A method and apparatus for compressing gaseous hydrogen or other gases utilize a liquid compressor to achieve high pressure while controlling vapor content. Gaseous hydrogen from a source at an inlet pressure is compressed in a liquid compression chamber using an incompressible liquid, preferably water or a water-based liquid, to a predetermined pressure at which vapor in the compressed gas is below the required concentration level for applications. The compressed gas flows into a high-pressure gas chamber, where it is isolated from the compression liquid once the predetermined pressure is reached, ensuring the vapor content remains below a specified threshold. The compressed gas is then transferred to a storage tank at a lower storage pressure. Embodiments include cooling the high-pressure chamber, adding freezing-point-lowering additives to the liquid. The invention enhances compression efficiency, reduces costs, and meets stringent purity requirements for applications such as fuel cells.

Claims

1. A method for compressing gaseous hydrogen while controlling a concentration of water vapor in the compressed gaseous hydrogen, the method comprising: a. providing a source of gaseous hydrogen containing water vapor from 0 to 95% in volume, inclusive; b. delivering the gaseous hydrogen from said source into a first chamber having a fixed first volume until the gaseous hydrogen in said first chamber attains a first predetermined pressure; c. introducing an incompressible compression liquid water medium into said first chamber to compress said gaseous hydrogen contained therein, thereby reducing the volume occupied by said gaseous hydrogen and correspondingly increasing its pressure; d. permitting said gaseous hydrogen, during compression, to flow from said first b chamber to a second chamber of fixed second volume through a first means of fluid interconnection that allows passage of said hydrogen into said second chamber but prevents said compression liquid water from entering said second chamber, such that pressures in both chambers equalize and increase concurrently until a second predetermined pressure is established in said second chamber, wherein said second predetermined pressure is selected such that a vapor concentration in said gaseous hydrogen inside said second chamber is at or below a predefined concentration level; e. terminating fluid communication between said first chamber and said second chamber by closing said first fluid interconnection means when the pressure within said second chamber attains said second predetermined pressure level, thereby isolating said gaseous hydrogen within said second chamber from said gaseous hydrogen and said compression liquid water within said first chamber; f. transferring said isolated gaseous hydrogen from said second chamber to a storage tank through a second means of fluid interconnection, wherein said storage tank being configured to store said gaseous hydrogen at or below a third predetermined pressure level that is lower than said second predetermined pressure, and wherein a vapor concentration in said gaseous hydrogen within said storage tank is at or below said predefined concentration level.

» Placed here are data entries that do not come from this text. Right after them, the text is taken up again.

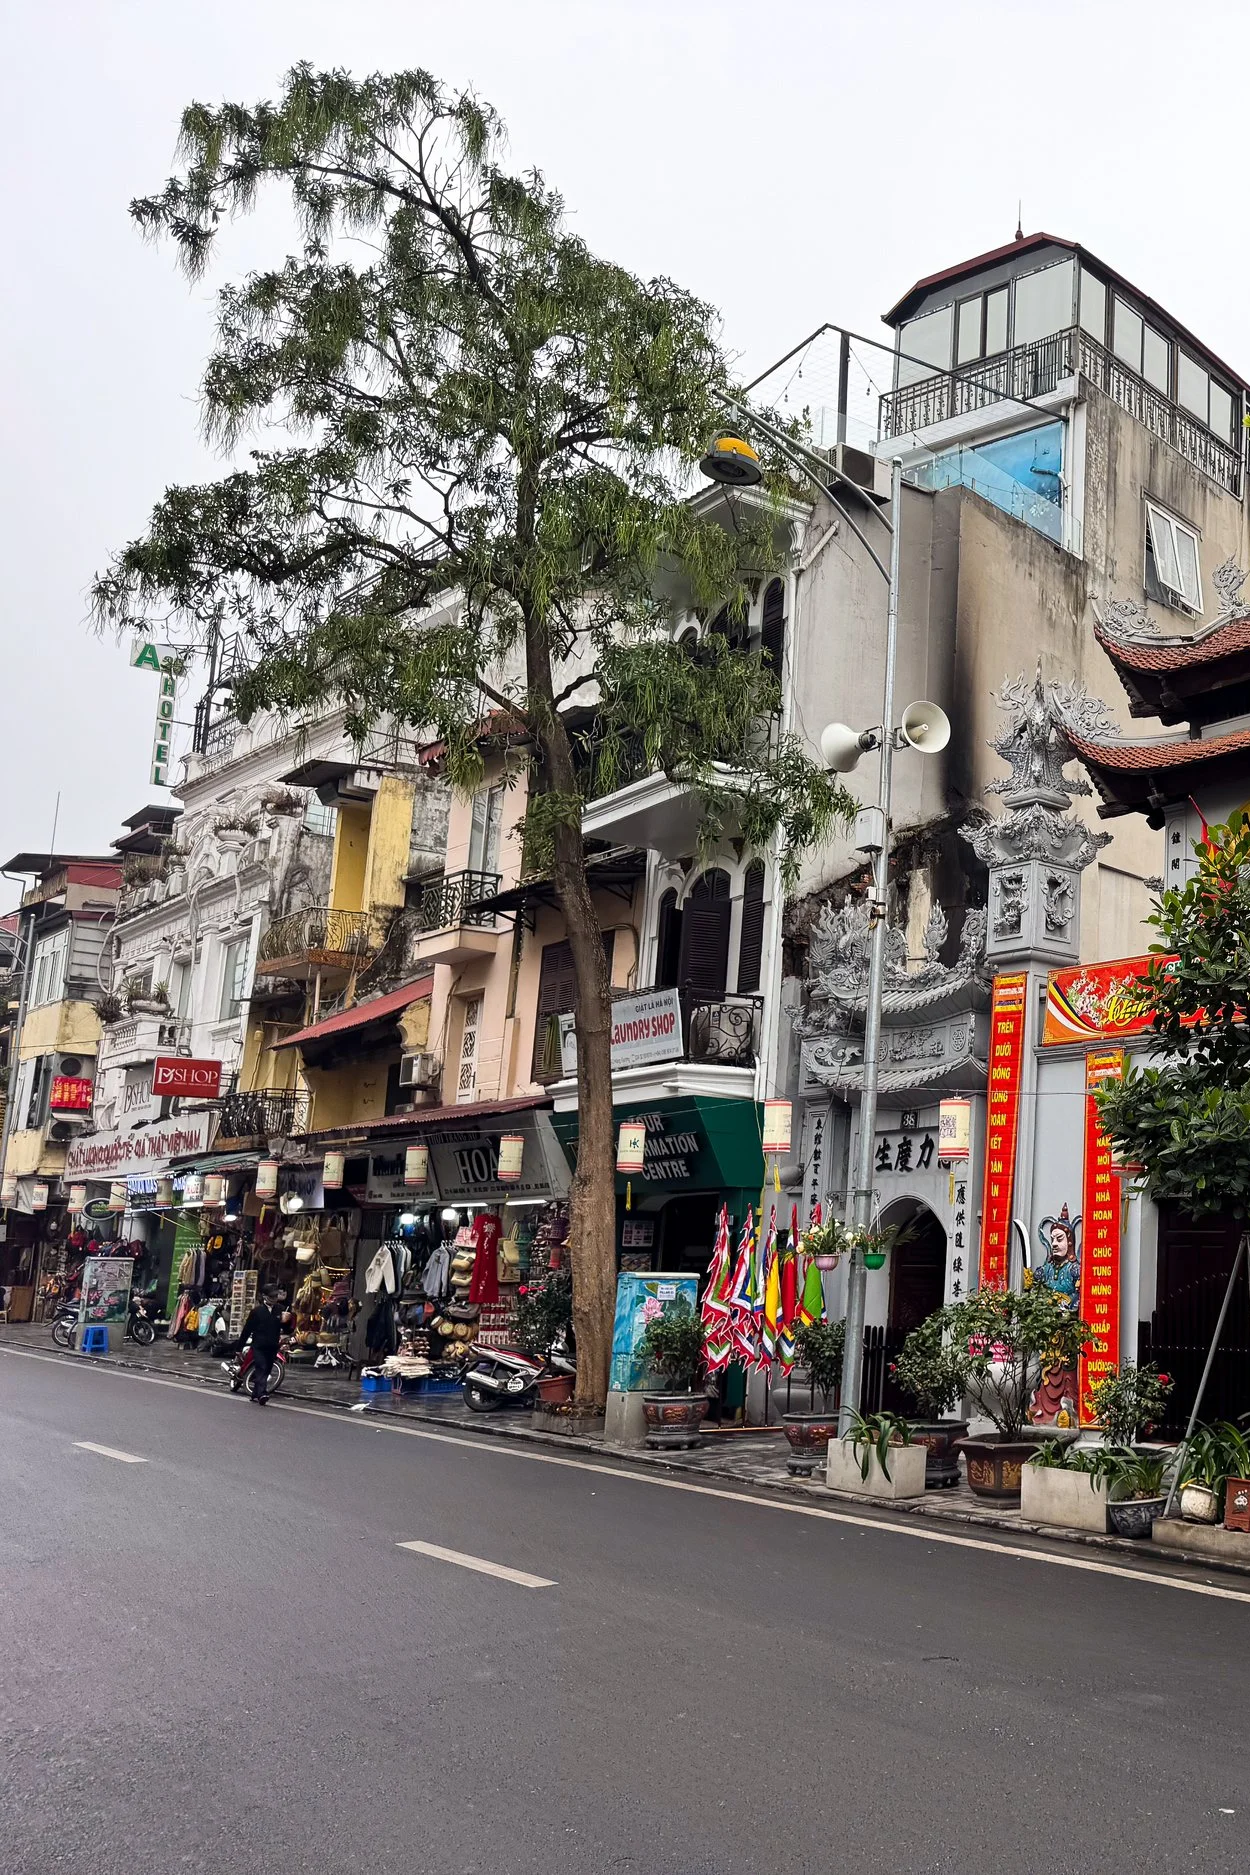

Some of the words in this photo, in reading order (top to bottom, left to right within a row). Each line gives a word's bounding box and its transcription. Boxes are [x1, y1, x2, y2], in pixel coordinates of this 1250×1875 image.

[154, 676, 176, 785] HOTEL
[652, 1012, 676, 1037] SHOP
[997, 1019, 1015, 1034] TRÊN
[995, 1042, 1012, 1057] DƯỚI
[992, 1064, 1011, 1080] ĐỒNG
[902, 1112, 916, 1127] 38
[641, 1160, 690, 1181] CENTRE
[1095, 1171, 1110, 1184] NHÀ
[1095, 1189, 1110, 1202] NHÀ
[1093, 1209, 1112, 1221] HOAN
[1092, 1244, 1112, 1258] CHÚC
[1092, 1266, 1112, 1277] TUNG
[1091, 1282, 1112, 1295] MỪNG
[1095, 1304, 1108, 1314] VUI
[1090, 1318, 1111, 1333] KHẮP
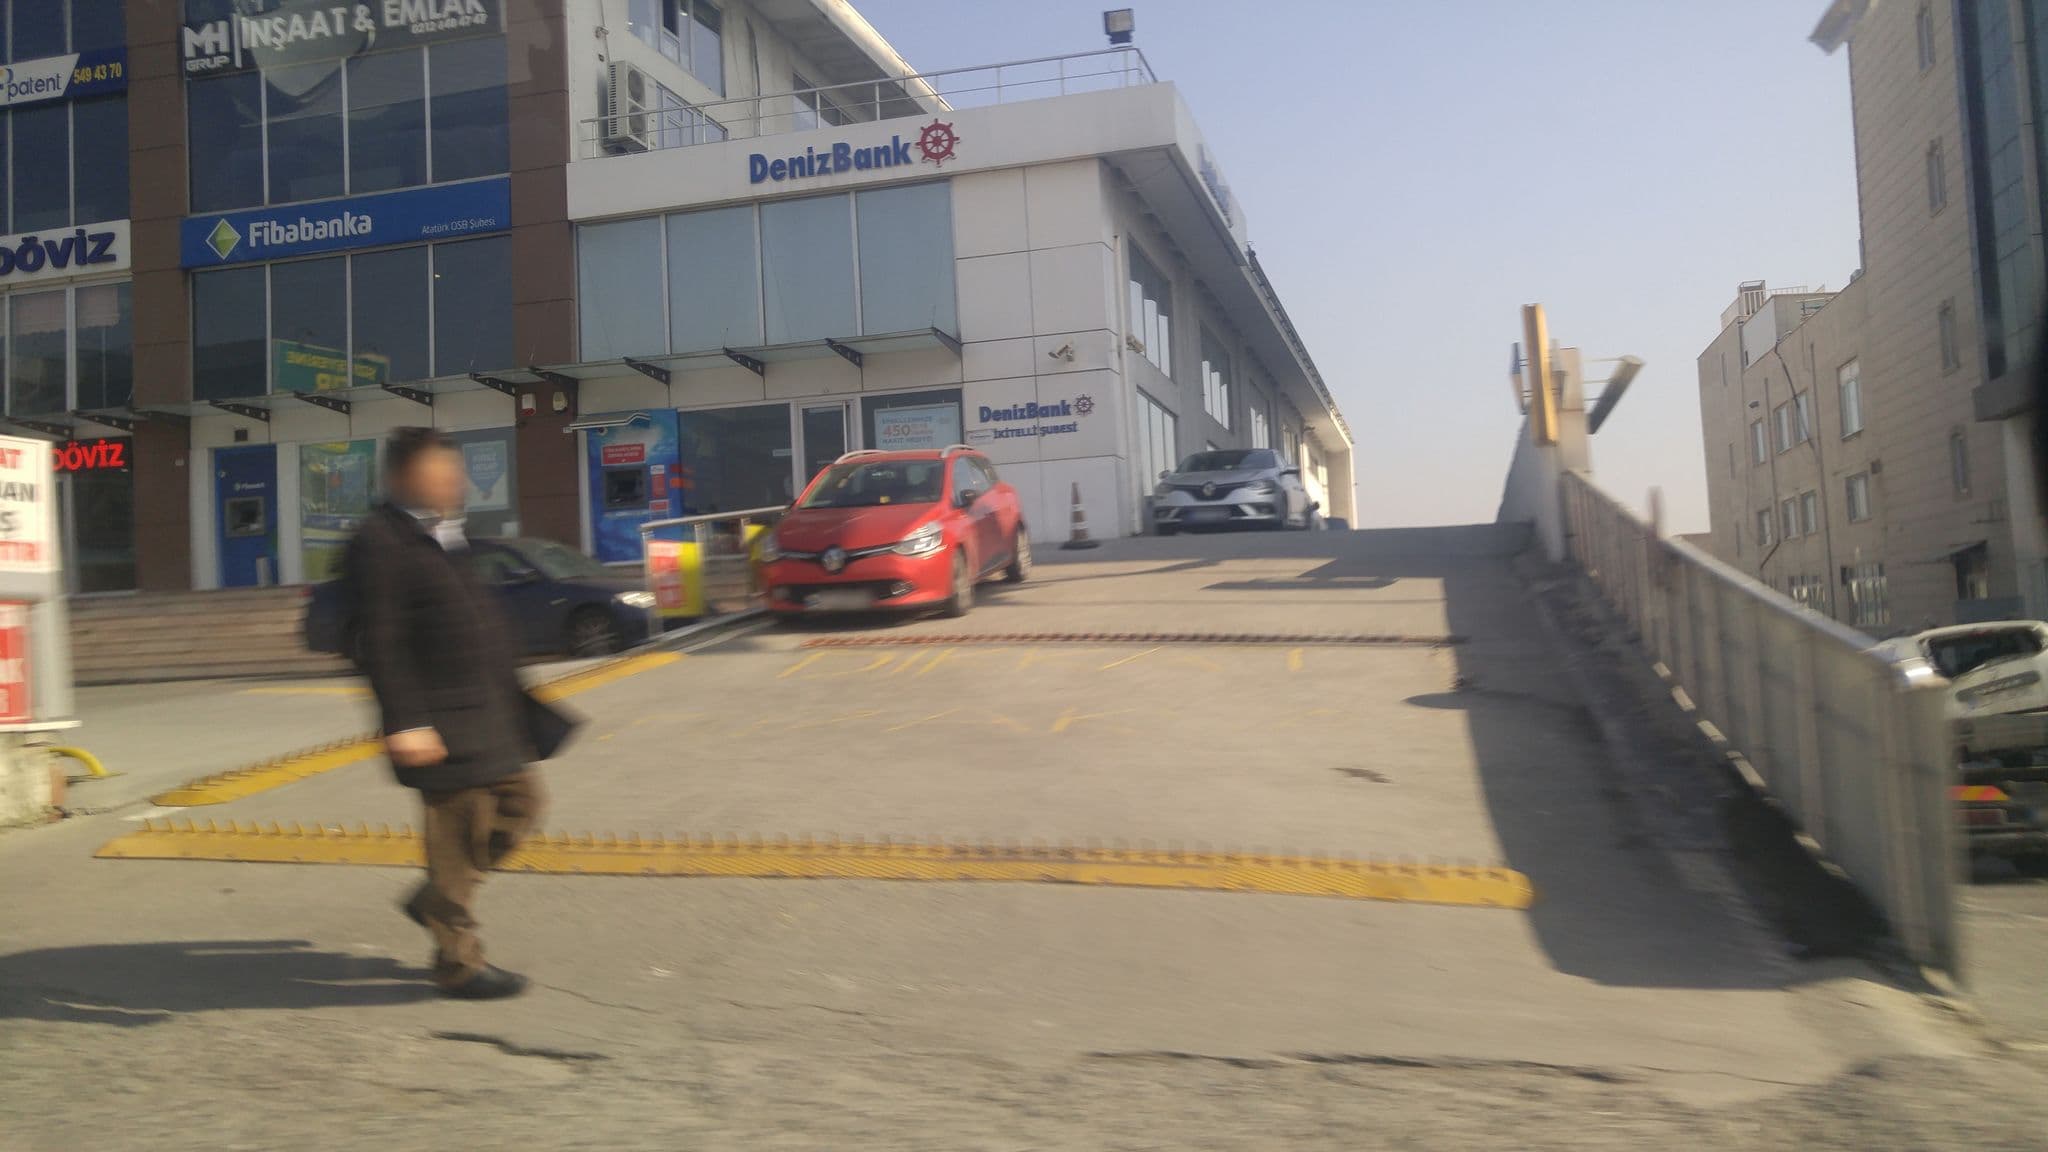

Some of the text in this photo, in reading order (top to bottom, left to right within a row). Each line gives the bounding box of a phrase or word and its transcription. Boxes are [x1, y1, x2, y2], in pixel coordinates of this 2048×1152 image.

[353, 5, 376, 32] &
[185, 55, 230, 72] GRUP
[8, 62, 122, 101] patent 549 43 70
[749, 135, 913, 185] DenizBank
[249, 211, 373, 248] Fibabanka
[979, 400, 1071, 423] DenizBank
[993, 425, 1038, 439] İKİTELLİ
[1040, 421, 1079, 437] ŞUBESİ
[50, 437, 125, 471] DÖVİZ

2. The method as claimed in claim 1, wherein said first means for fluidly interconnecting said first chamber and said second chamber remains closed during the transfer of said gaseous hydrogen from said second chamber to said storage tank.

3. The method for compressing gaseous hydrogen of claim 1, wherein said second predetermined pressure ranges from 100 to 5000 bars, inclusive, and the compression temperature in the first chamber ranges from 0.1 C. to 50 C., inclusive, with both said second predetermined pressure and said compression temperature selected such that the vapor content of the gaseous hydrogen within said second chamber at said second predetermined pressure is at or below the predefined concentration level.

4. The method for compressing gaseous hydrogen of claim 1, further comprising b measuring and monitoring a vapor content in the gaseous hydrogen inside said second chamber using a vapor measurement device, wherein said second predetermined pressure b is achieved when the vapor content inside said second chamber is at or below the predefined concentration level.

5. The method for compressing gaseous hydrogen of claim 1, further comprising a temperature control device configured to maintain the temperature inside said second chamber at a predetermined temperature ranging from 50 C. to 50 C., inclusive, wherein the predetermined temperature is selected such that a vapor content in the gaseous hydrogen within said second chamber at said second predetermined pressure is at or below the predefined concentration level.

6. The method according to claim 1, wherein one or more inorganic compounds are added to said liquid water to form a compression liquid, said compression liquid having a lower freezing temperature relative to pure water, thereby enabling the compression process in said first chamber to be conducted below a freezing temperature of pure water.

7. The method according to claim 6, wherein the one or more inorganic compounds are selected from a group consisting of sodium chloride (NaCl), calcium chloride (CaCl.sub.2), magnesium chloride (MgCl.sub.2), and mixtures thereof, and are introduced into said liquid water in concentrations not exceeding their respective solubility limits in water at a compression temperature.

Description

BRIEF DESCRIPTION OF THE DRAWINGS

(1) FIG. 1 is a schematic diagram of compressing hydrogen in accordance with the present invention.

(2) FIG. 2 is a schematic diagram of compressing hydrogen of FIG. 1, having a thermally insulated high-pressure gas chamber.

(3) FIG. 3 is a schematic diagram of three-stage hydrogen compression in accordance with the present invention.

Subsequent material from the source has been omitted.